Page MenuHomePhabricator

Better publishing of Annotations about Data Issues
Open, NormalPublic

Description

While experiencing issues like T141506, we realized there's an opportunity to publish annotations that explain spikes and drops in different metrics we're responsible for. Some possible solutions:

  • publishing these annotations in an API that would parallel the pageviews, uniques, etc. api endpoints.
  • just updating the dashiki annotations (eg. https://meta.wikimedia.org/wiki/Dashiki:PageviewsAnnotations) and making it easier to fetch them / discover them from other tools (like the tools.wmflabs.org/pageviews tool)

Event Timeline

Restricted Application added a subscriber: Aklapper. · View Herald TranscriptAug 8 2016, 5:02 PM
MusikAnimal added a subscriber: MusikAnimal.

@MusikAnimal: happy to work with you on this if you'd like, to understand what would be easier from your point of view.

@MusikAnimal: happy to work with you on this if you'd like, to understand what would be easier from your point of view.

Certainly! Thank you :) If we could get the annotations in a way that mimics the pageviews API endpoints, as you say, that'd be most ideal. E.g. ideally we'd only see info on the Main_Page anomaly if querying for desktop pageviews of the Main Page itself or for the entire project.

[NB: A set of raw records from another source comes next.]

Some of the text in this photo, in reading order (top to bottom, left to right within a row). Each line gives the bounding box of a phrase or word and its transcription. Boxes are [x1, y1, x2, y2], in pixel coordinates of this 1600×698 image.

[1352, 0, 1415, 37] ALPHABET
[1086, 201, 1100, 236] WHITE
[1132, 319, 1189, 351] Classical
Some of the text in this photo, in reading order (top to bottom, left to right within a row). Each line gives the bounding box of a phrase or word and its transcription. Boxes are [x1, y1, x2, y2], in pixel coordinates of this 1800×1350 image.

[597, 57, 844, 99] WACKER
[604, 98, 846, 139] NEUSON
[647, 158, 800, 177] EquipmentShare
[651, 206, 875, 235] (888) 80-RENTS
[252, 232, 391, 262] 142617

Also, what about situations where annotations are provided, but at a later point the data is repaired? For instance when T128295 happened I manually put in a notice in the tool if the user queried for an affected page during the affected date range, but eventually the data was repaired so I was able to remove this notice altogether. Similarly my hope is we can either remove such annotations from the API or mark them as "repaired", so the Pageviews tool knows not to show it.

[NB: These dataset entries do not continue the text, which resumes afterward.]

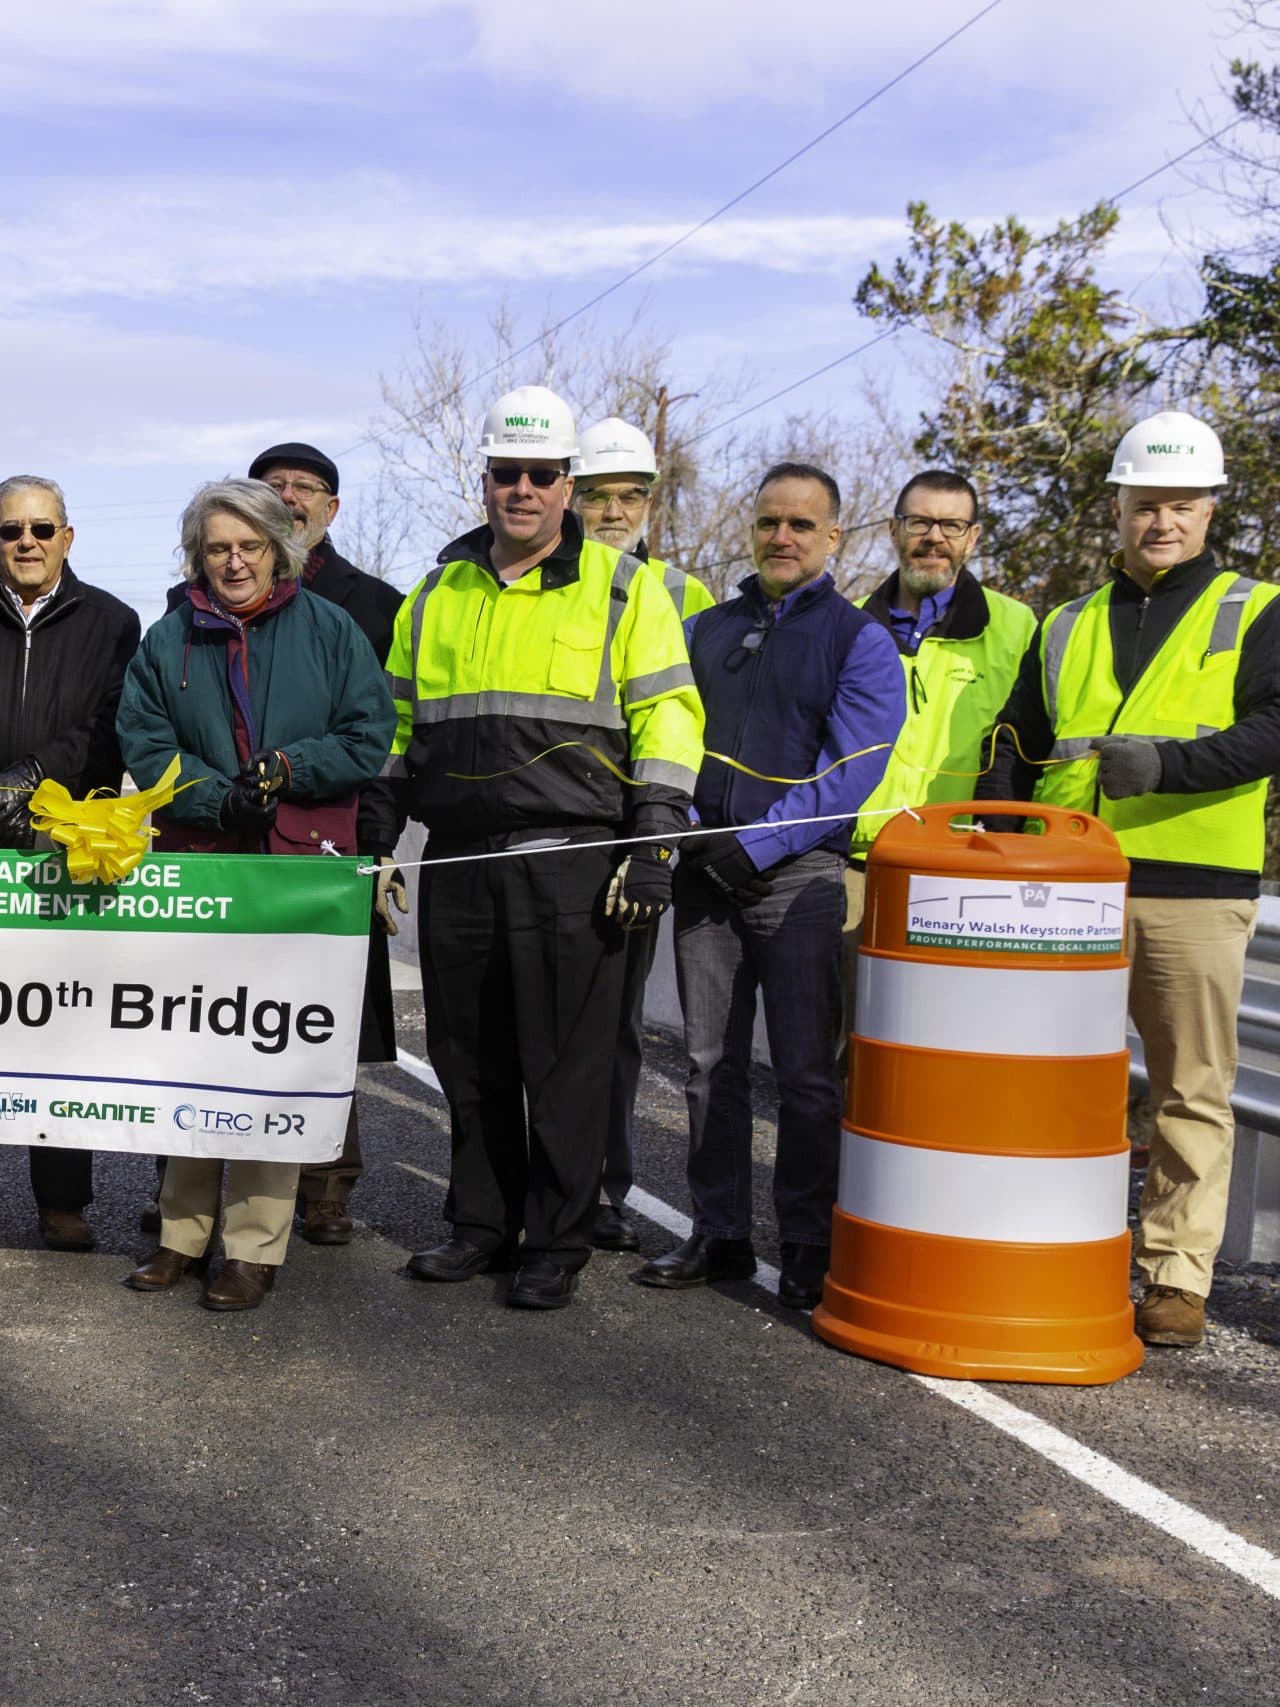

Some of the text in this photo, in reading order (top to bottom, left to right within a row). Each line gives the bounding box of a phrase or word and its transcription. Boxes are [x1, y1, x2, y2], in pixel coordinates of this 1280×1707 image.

[71, 863, 181, 888] DGE
[99, 894, 233, 919] PROJECT
[1024, 889, 1045, 901] PA
[912, 917, 964, 935] Plenary
[969, 921, 1015, 935] Walsh
[1020, 924, 1084, 938] Keystone
[910, 934, 952, 945] PROVEN
[957, 938, 1047, 951] PERFORMANCE.
[1052, 943, 1084, 951] LOCAL
[110, 983, 335, 1054] Bridge
[49, 1100, 155, 1124] GRANITE
[199, 1109, 253, 1131] TRC
[264, 1113, 305, 1136] HDR
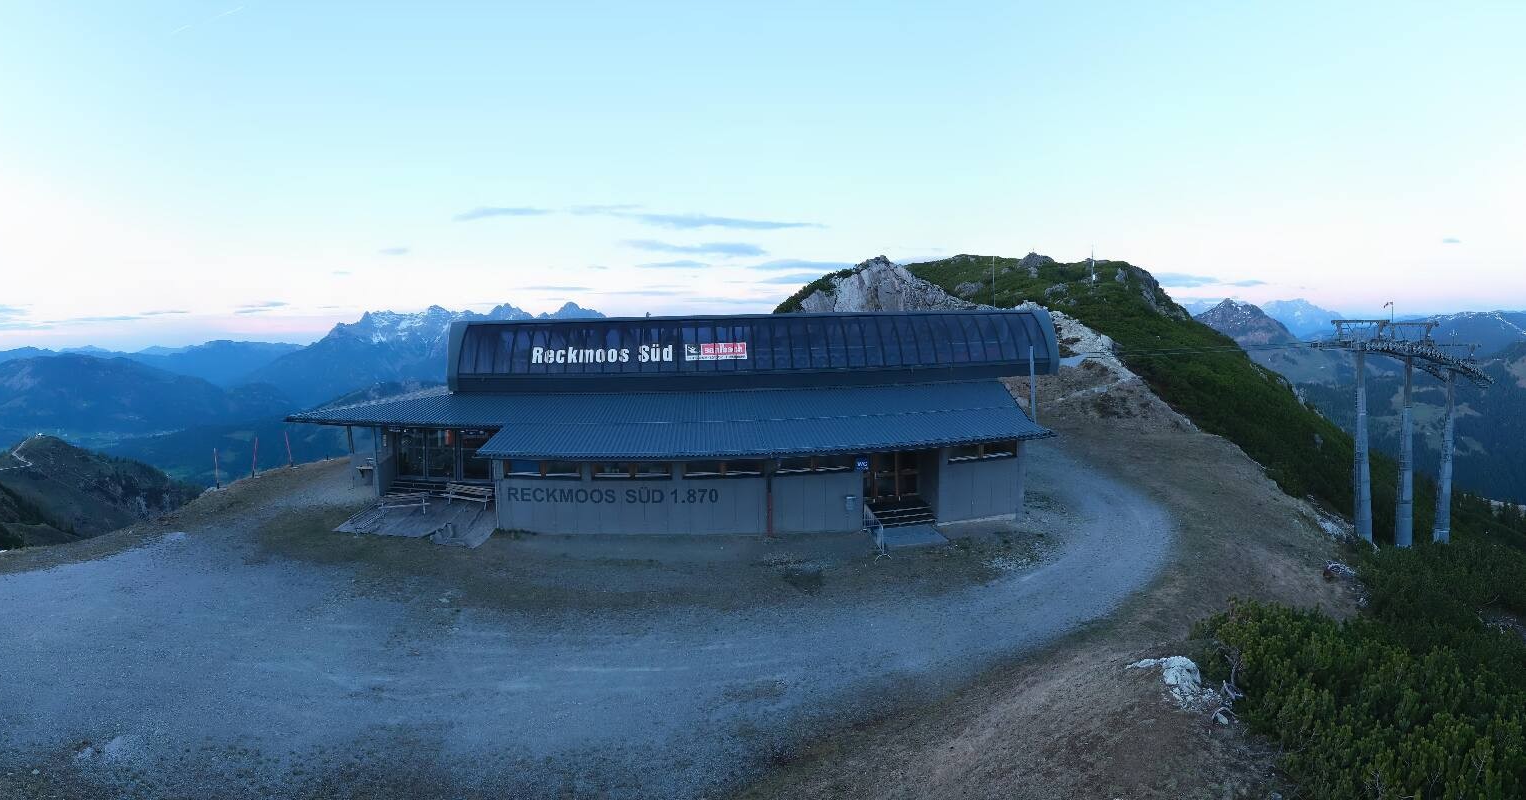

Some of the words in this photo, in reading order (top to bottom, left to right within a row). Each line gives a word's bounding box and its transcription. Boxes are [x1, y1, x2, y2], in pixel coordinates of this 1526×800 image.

[531, 346, 630, 364] Reckmoos
[638, 343, 673, 363] Süd
[507, 486, 616, 504] RECKMOOS
[625, 486, 665, 504] SÜD
[670, 488, 719, 504] 1.870

T128295 is actually an interesting scenario for an annotations API. There the message should only be returned for pages with some special characters in the titles. It seems that as the API grew, you may need to add more and more layers of logic to determine what to return. If we are able to do this that would be incredible... The goal of course is to only show annotations when we are confident they are relevant to the data the user has requested.

Nuria moved this task from Incoming to Backlog (Later) on the Analytics board.Aug 15 2016, 3:36 PM
Milimetric added a comment.EditedAug 17 2016, 8:32 PM

Thanks, these are all great points. We're aiming to get to this next quarter.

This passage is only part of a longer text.